Records excerpted from a collection:
------------------------------------------------------------------------
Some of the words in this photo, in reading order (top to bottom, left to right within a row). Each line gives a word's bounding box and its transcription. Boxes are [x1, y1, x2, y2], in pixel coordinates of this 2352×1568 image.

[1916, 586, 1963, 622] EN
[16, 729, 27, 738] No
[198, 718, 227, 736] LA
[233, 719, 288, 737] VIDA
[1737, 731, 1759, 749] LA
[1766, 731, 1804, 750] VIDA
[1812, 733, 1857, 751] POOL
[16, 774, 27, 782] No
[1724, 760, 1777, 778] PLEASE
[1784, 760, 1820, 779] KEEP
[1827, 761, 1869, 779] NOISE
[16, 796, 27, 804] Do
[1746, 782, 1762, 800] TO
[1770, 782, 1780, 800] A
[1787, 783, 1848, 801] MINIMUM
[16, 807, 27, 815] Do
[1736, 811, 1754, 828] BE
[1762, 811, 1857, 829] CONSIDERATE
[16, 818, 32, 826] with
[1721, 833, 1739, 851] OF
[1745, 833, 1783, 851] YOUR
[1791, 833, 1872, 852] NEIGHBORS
------------------------------------------------------------------------
> **Directions**: Copy each record from above without leaving any out.

> **Your solution**:
Some of the words in this photo, in reading order (top to bottom, left to right within a row). Each line gives a word's bounding box and its transcription. Boxes are [x1, y1, x2, y2], in pixel coordinates of this 2352×1568 image.

[1916, 586, 1963, 622] EN
[16, 729, 27, 738] No
[198, 718, 227, 736] LA
[233, 719, 288, 737] VIDA
[1737, 731, 1759, 749] LA
[1766, 731, 1804, 750] VIDA
[1812, 733, 1857, 751] POOL
[16, 774, 27, 782] No
[1724, 760, 1777, 778] PLEASE
[1784, 760, 1820, 779] KEEP
[1827, 761, 1869, 779] NOISE
[16, 796, 27, 804] Do
[1746, 782, 1762, 800] TO
[1770, 782, 1780, 800] A
[1787, 783, 1848, 801] MINIMUM
[16, 807, 27, 815] Do
[1736, 811, 1754, 828] BE
[1762, 811, 1857, 829] CONSIDERATE
[16, 818, 32, 826] with
[1721, 833, 1739, 851] OF
[1745, 833, 1783, 851] YOUR
[1791, 833, 1872, 852] NEIGHBORS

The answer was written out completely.